When I studied marketing, the smartest marketers were the consumer packaged goods manufacturers who relied on market research and marketing tests in order to fine-tune their marketing efforts.
Though consumer packaged goods marketers are still respected, the smartest marketers in the room today are Facebook and Google. They got to be so smart by learning from the data generated by all of the marketers who have run campaigns with them, and that’s every marketer in the world — even the Kremlin.
Marketers — myself included — were happy for the reach/scale provided by the duopoly, which made our lives easier. After all, it’s easier to work with two vendors, particularly if they enable you to reach as many users as the rest of the digital solutions available. So we let them have our data.
But that could change.
With data privacy legislation including GDPR in Europe and the California Consumer Privacy Act, data portability is the law.
Specifically, in the California Consumer Privacy Act of 2018, 1798.100, which will take effect in January 2020, a business must provide a consumer with all collected personal information, and that information shall be portable and “in a readily useable format that allows the consumer to transmit this information to another entity without hindrance.”
Beyond privacy legislation, there are new efforts among legal scholars to redefine anti-trust for the digital age which could challenge Google, Facebook and most notably, Amazon, as digital monopolies in the US court system
Following the high profile scandals, including Facebook’s Cambridge Analytica debacle, the Russian campaign to influence the 2016 US presidential elections and the recent data breach, trust in the leading platforms is eroding. Facebook recently reporting flat growth in North America and user decline in Europe (these scandals are also cited as reasons why Google and Facebook didn’t commit more resources to kill the California Consumer Privacy Act). Twitter also announced a decrease in average monthly users in the company’s most recent earnings call in July.
The declining trust in social platforms coupled with the legal requirement for data portability will empower more users to think about their data and its value. Even companies like Facebook and Google, who would have scoffed at data portability a few years ago, have been partnering with Microsoft and Twitter on the Data Transfer Project which will enable data portability.
With data portability becoming a reality, what are marketers doing about it? After giving our data to Facebook and Google, are we going to be smarter this time around? Here are some ways marketers can take advantage of data portability to improve their relationship with their users:
- Support companies interested in porting user data from Facebook and Google: I have a lot of respect for Google and Facebook, but these companies keep consolidating digital marketing budgets. The best way to create a more diverse and transparent marketing eco-system is to support those companies interested in offering alternatives to Facebook and Google. Whether it’s a decentralized, free and open source software version of Twitter, like Mastodon OR an existing platform looking to gain users, marketers can support the data porting efforts by offering products, services and content to entice users to migrate. And early marketing partners will benefit from real opportunities to build engaging communities around relevant content — like a recipe for a food marketer or beauty videos for a makeup brand.

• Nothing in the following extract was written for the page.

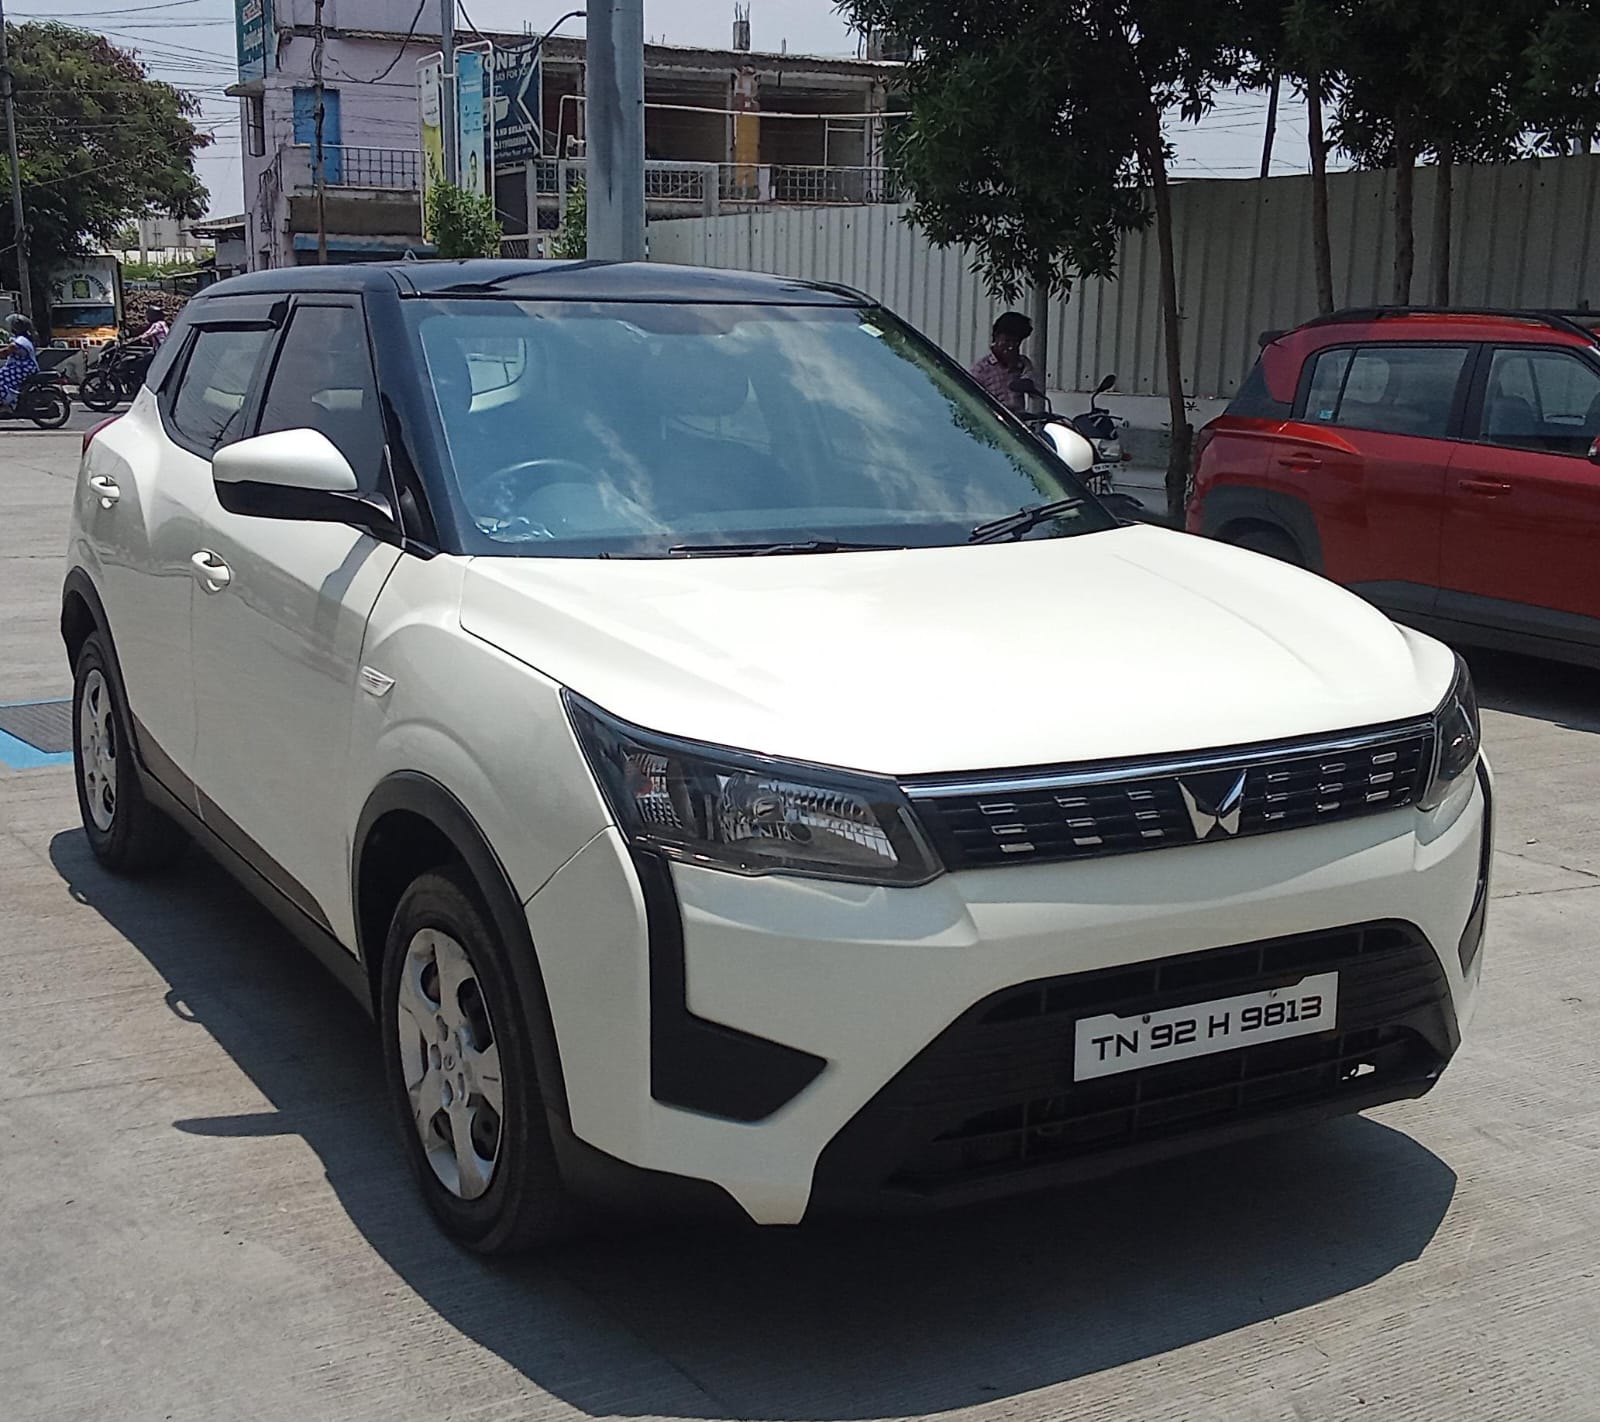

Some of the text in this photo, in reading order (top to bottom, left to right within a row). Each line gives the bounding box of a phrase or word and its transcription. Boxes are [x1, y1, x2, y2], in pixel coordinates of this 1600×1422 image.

[1091, 995, 1322, 1061] TN 92 H 9813

A great way for marketers to provide support to new or growing platforms is by integrating them with their Loyalty programs and CRM databases. This can provide the new platform with a redeemable way to reward users for their data and actions beyond the service being offered by the platform.
- Content is still King: If there is one category which has been hurt by the duopoly it’s content creators. Whether its publishers or content aggregators who have seen their traffic from Facebook nosedive OR disenchanted YouTubers suffering steep ad revenue declines, marketers and their budgets are strong potential partners for dissatisfied content sources. Though content cannot create a social network or search engine, marketer/content partnerships can provide the gas and engagement for a future platform. And given the engagement rates for the strong and growing user base of Netflix customers or the 250 million user accounts for Disney-owned Massively Multi-Player Online Game Club Penguin at its peak in 2014, I wouldn’t bet against content driving the next platform.
- Wild Cards — AT&T and Verizon: I’m willing to bet that at both AT&T and Verizon, there are teams working on platform-like solutions for taking advantage of the coming data portability. AT&T chairman-CEO Randall Stephenson told investors last month that “the modern media company must develop extensive direct-to-consumer relationships. We think pure wholesale business models for media companies will be really tough to sustain over time.” Given the properties that these two companies already own, and their aspirations to make marketing a major revenue stream beyond what it already is, I would be surprised if we wouldn’t see some platform-play from these companies soon.
Though data portability will not bring about the demise of Facebook or Google, I do believe that marketers have another opportunity to gain better access to user data and relationships through data portability.
That said, it will take a serious effort to break the habits and scale that the duopoly has built. Switching to the greatest, most privacy-friendly and even ad-free platform has only so much value if none of your friends and family are on it. A decade ago, Facebook succeeded in overcoming the early advantage of MySpace, which did the same to Friendster. And before airing the first episode of ‘House of Cards’ in 2013, who would have thought that the entire TV and movie industry would be chasing Netflix.
It will take perfect execution, but thanks to data portability, for the first time in the last five years, there is an opportunity to break the stronghold the duopoly has on digital marketing.